> **THE RECORDS**
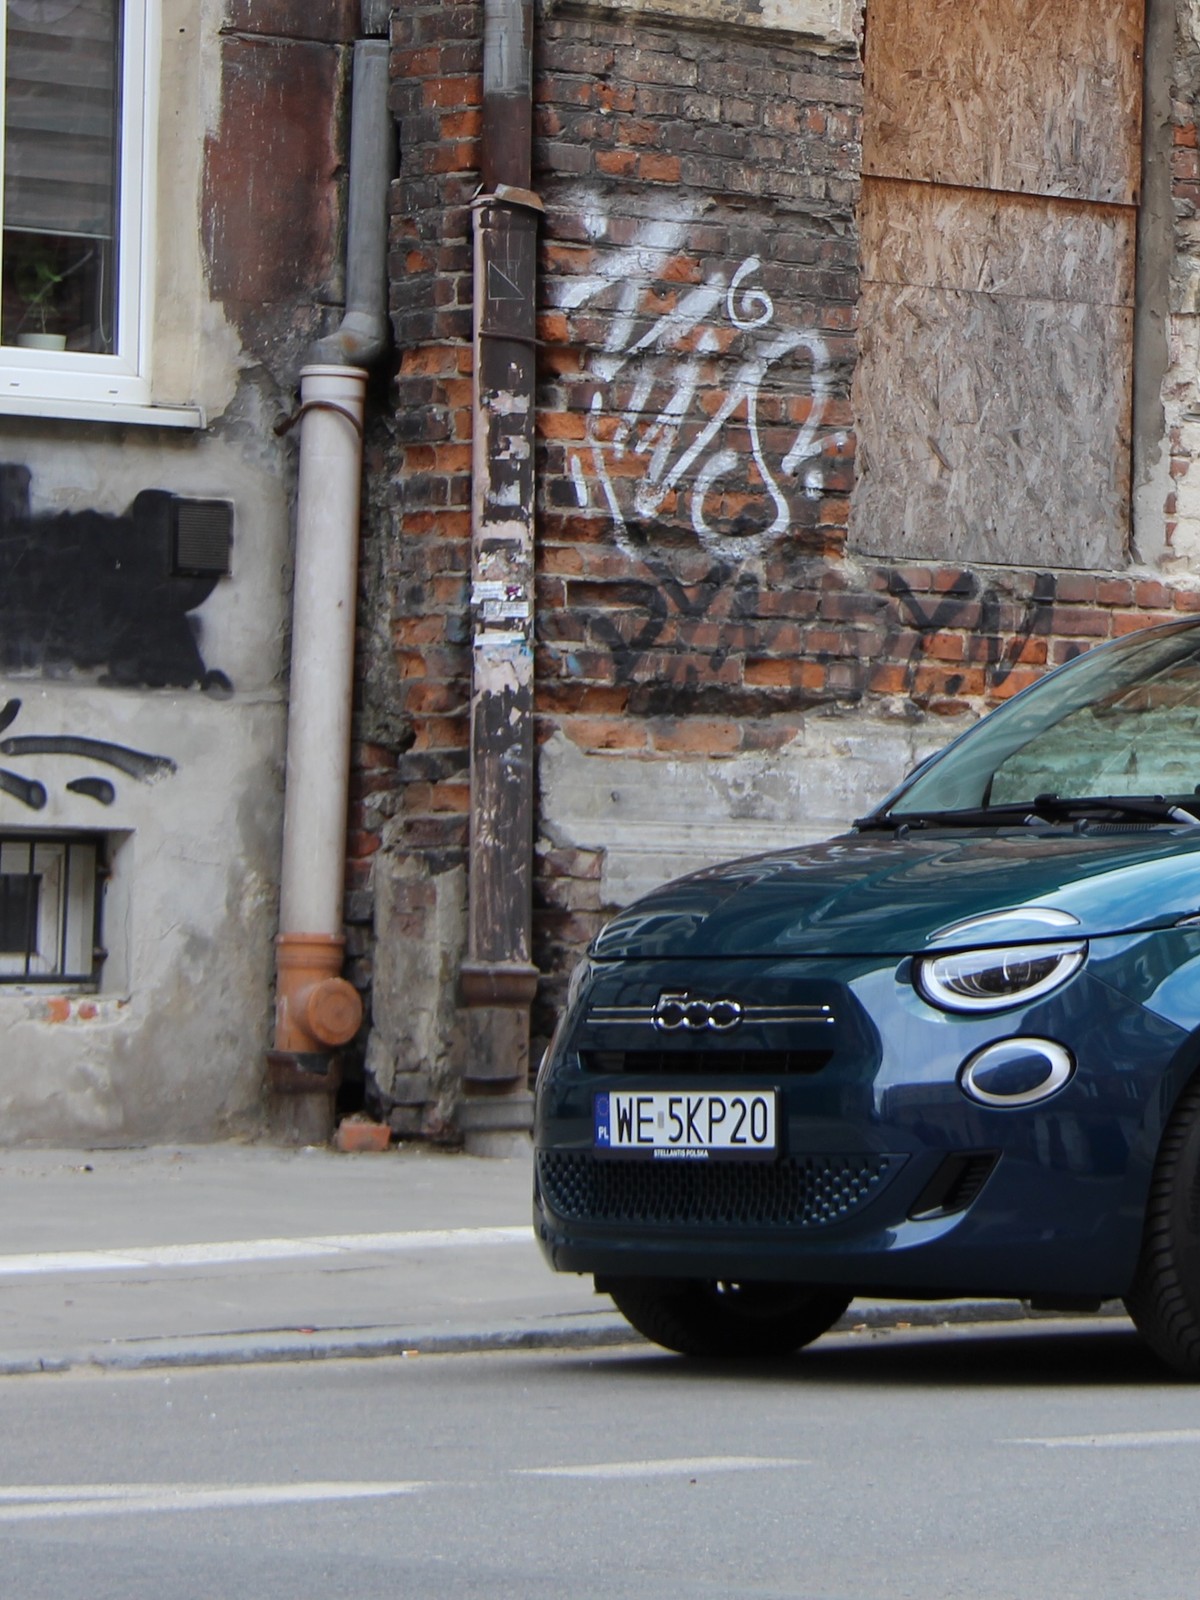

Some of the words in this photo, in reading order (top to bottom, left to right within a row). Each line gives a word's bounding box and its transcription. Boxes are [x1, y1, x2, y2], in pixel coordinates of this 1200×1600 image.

[655, 991, 743, 1029] 500
[598, 1126, 609, 1139] PL
[616, 1097, 654, 1143] WE
[668, 1097, 768, 1144] 5KP20
[653, 1149, 685, 1158] STELLANTIS
[686, 1149, 709, 1158] POLSKA
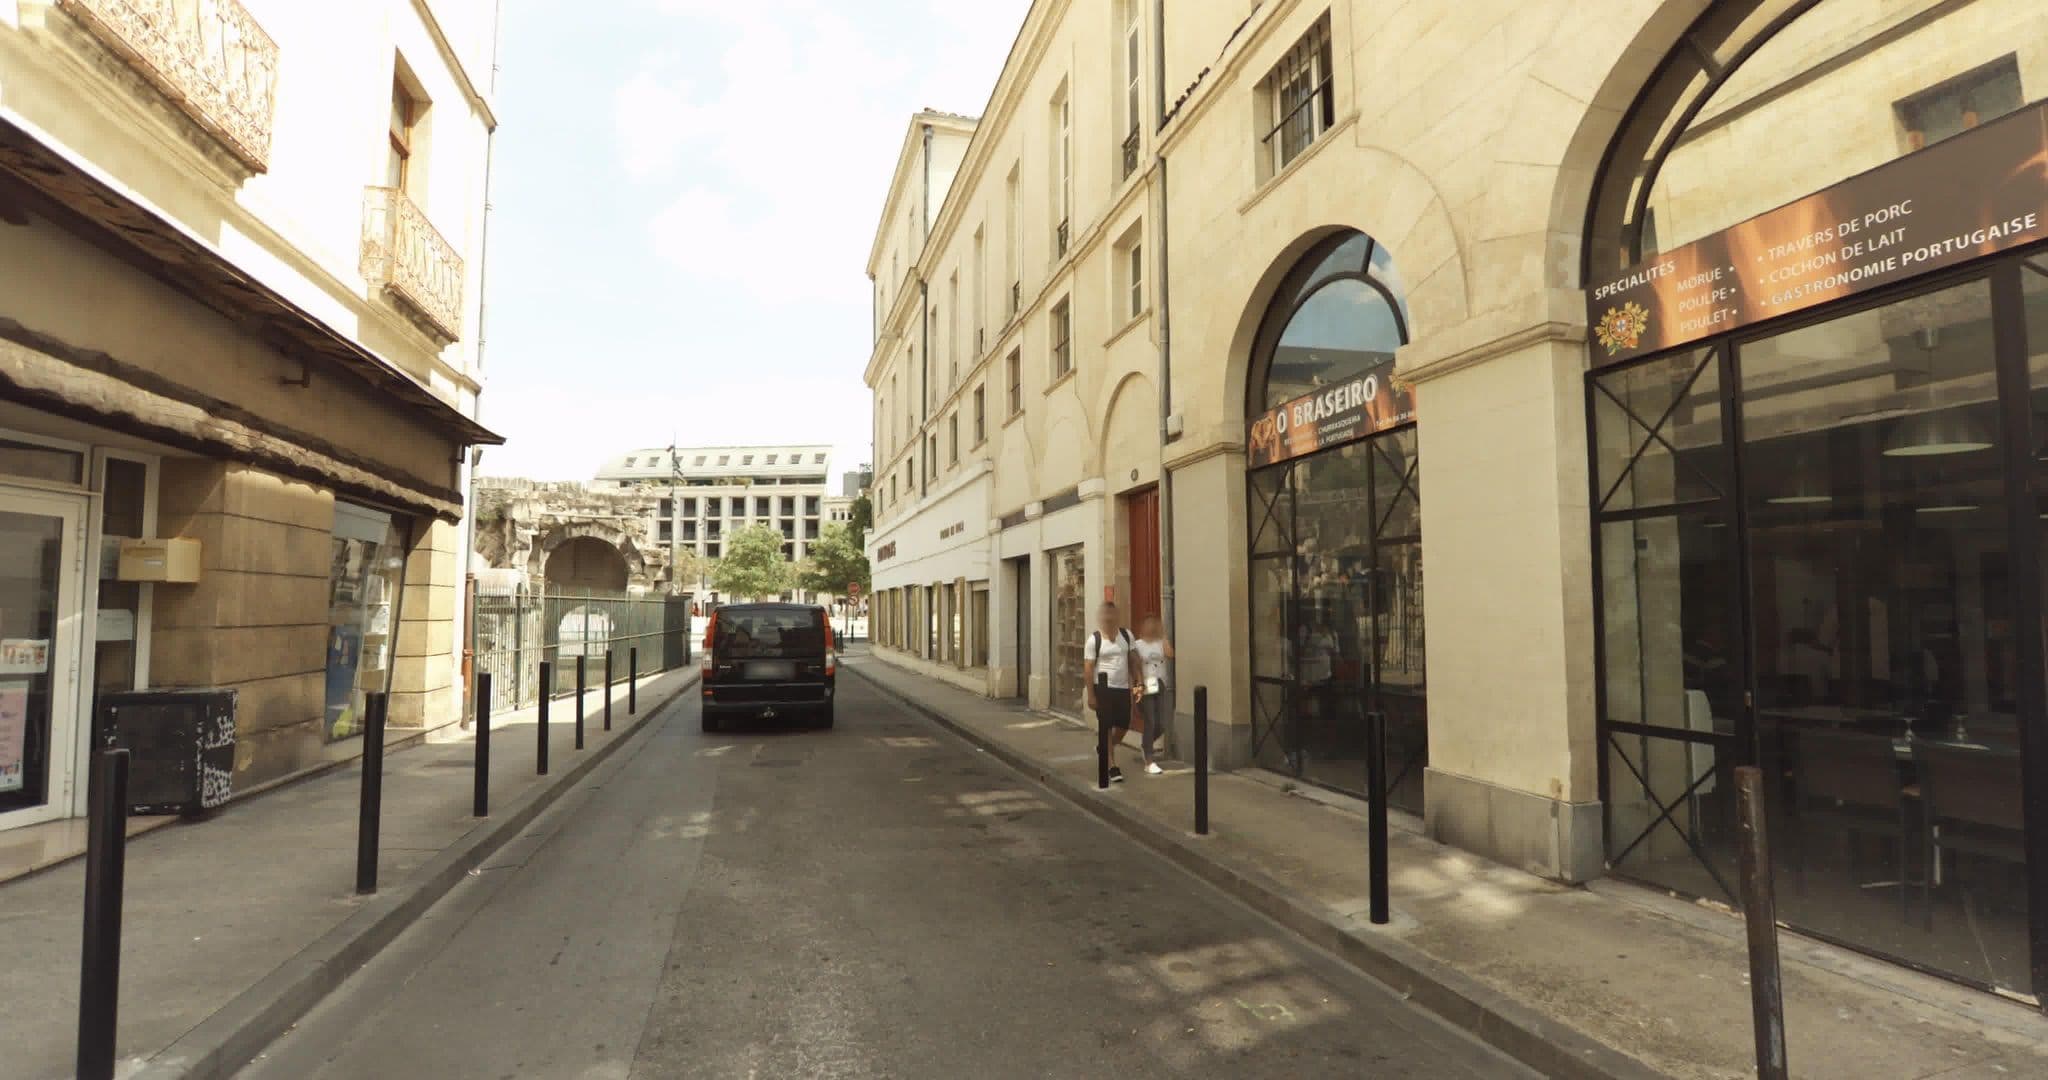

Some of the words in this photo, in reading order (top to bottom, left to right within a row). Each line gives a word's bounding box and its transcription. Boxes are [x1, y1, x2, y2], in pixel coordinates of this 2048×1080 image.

[1767, 227, 1834, 261] TRAVERS
[1838, 218, 1860, 238] DE
[1864, 199, 1913, 228] PORC
[1676, 267, 1723, 293] MORUE
[1769, 251, 1837, 284] COCHON
[1841, 241, 1864, 261] DE
[1868, 227, 1906, 252] LAIT
[1771, 256, 1897, 306] GASTRONOMIE
[1901, 212, 2038, 267] PORTUGAISE
[1594, 260, 1676, 301] SPECIALITES
[1678, 286, 1728, 314] POULPE
[1680, 307, 1729, 333] POULET
[1276, 410, 1288, 434] O
[1293, 373, 1378, 428] BRASEIRO
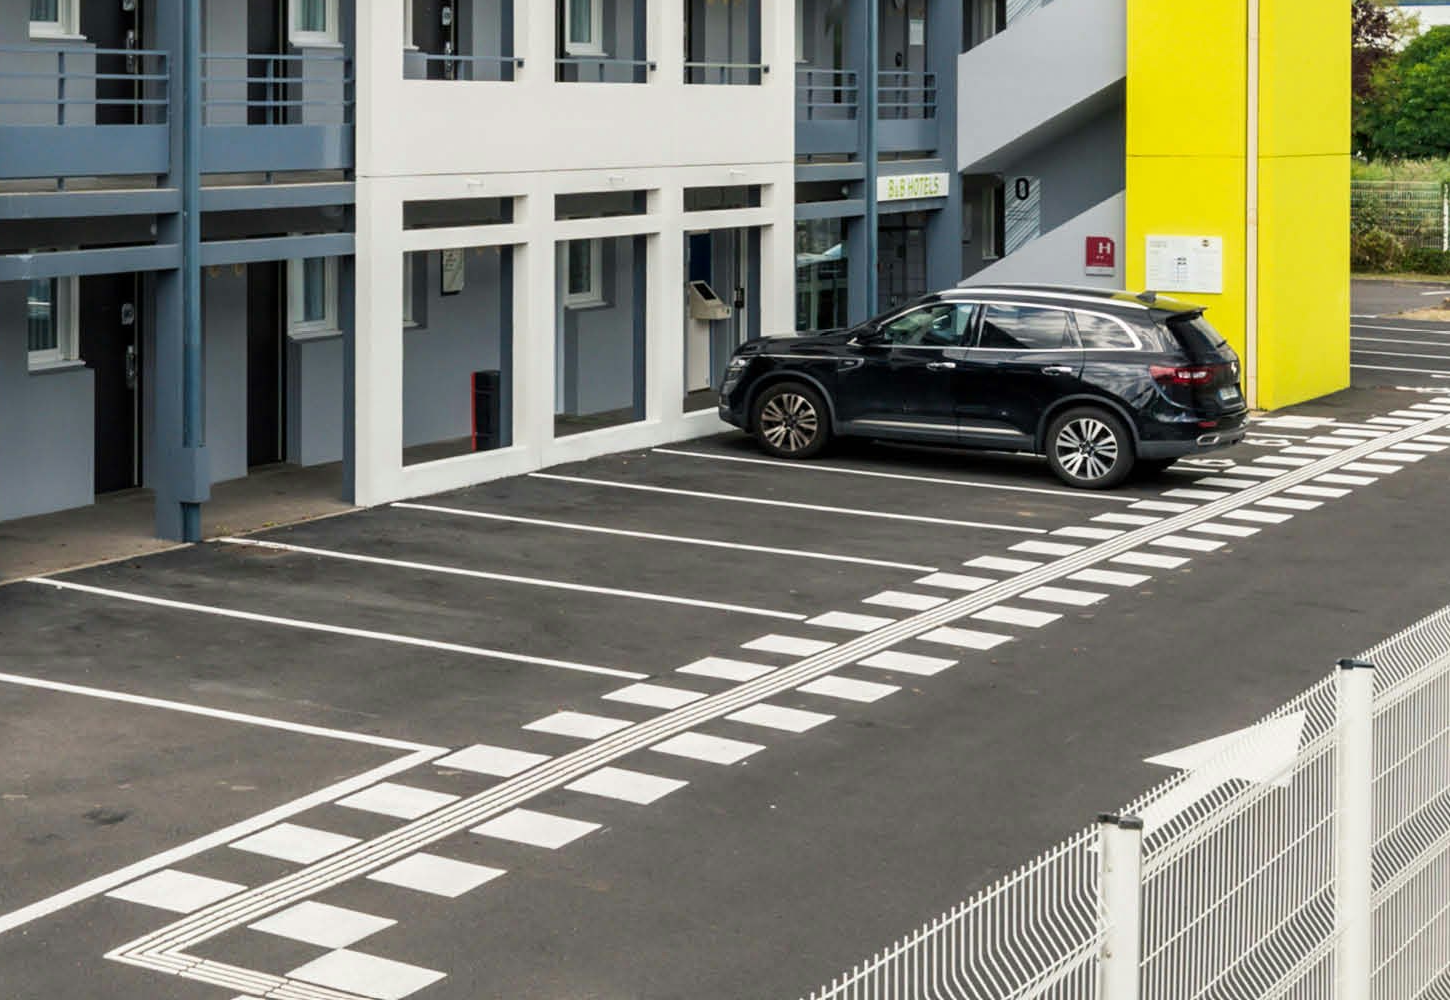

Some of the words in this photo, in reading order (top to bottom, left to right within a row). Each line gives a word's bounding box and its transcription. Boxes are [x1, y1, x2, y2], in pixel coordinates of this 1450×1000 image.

> **YOUR ASSIGNMENT**
Give the data above again in full and unchanged, skipping the pictures.

> **THE ANSWER**
Some of the words in this photo, in reading order (top to bottom, left to right within a row). Each line gives a word's bounding box and its transcription. Boxes are [x1, y1, x2, y2], in pixel coordinates of this 1200×1600 image.

[655, 991, 743, 1029] 500
[598, 1126, 609, 1139] PL
[616, 1097, 654, 1143] WE
[668, 1097, 768, 1144] 5KP20
[653, 1149, 685, 1158] STELLANTIS
[686, 1149, 709, 1158] POLSKA

Some of the words in this photo, in reading order (top to bottom, left to right within a row). Each line gives a word's bounding box and its transcription. Boxes are [x1, y1, x2, y2], in pixel coordinates of this 2048×1080 image.

[1767, 227, 1834, 261] TRAVERS
[1838, 218, 1860, 238] DE
[1864, 199, 1913, 228] PORC
[1676, 267, 1723, 293] MORUE
[1769, 251, 1837, 284] COCHON
[1841, 241, 1864, 261] DE
[1868, 227, 1906, 252] LAIT
[1771, 256, 1897, 306] GASTRONOMIE
[1901, 212, 2038, 267] PORTUGAISE
[1594, 260, 1676, 301] SPECIALITES
[1678, 286, 1728, 314] POULPE
[1680, 307, 1729, 333] POULET
[1276, 410, 1288, 434] O
[1293, 373, 1378, 428] BRASEIRO

Some of the words in this photo, in reading order (top to bottom, left to right within a row). Each line gives a word's bounding box and its transcription. Boxes are [x1, y1, x2, y2], in pixel coordinates of this 1450×1000 image.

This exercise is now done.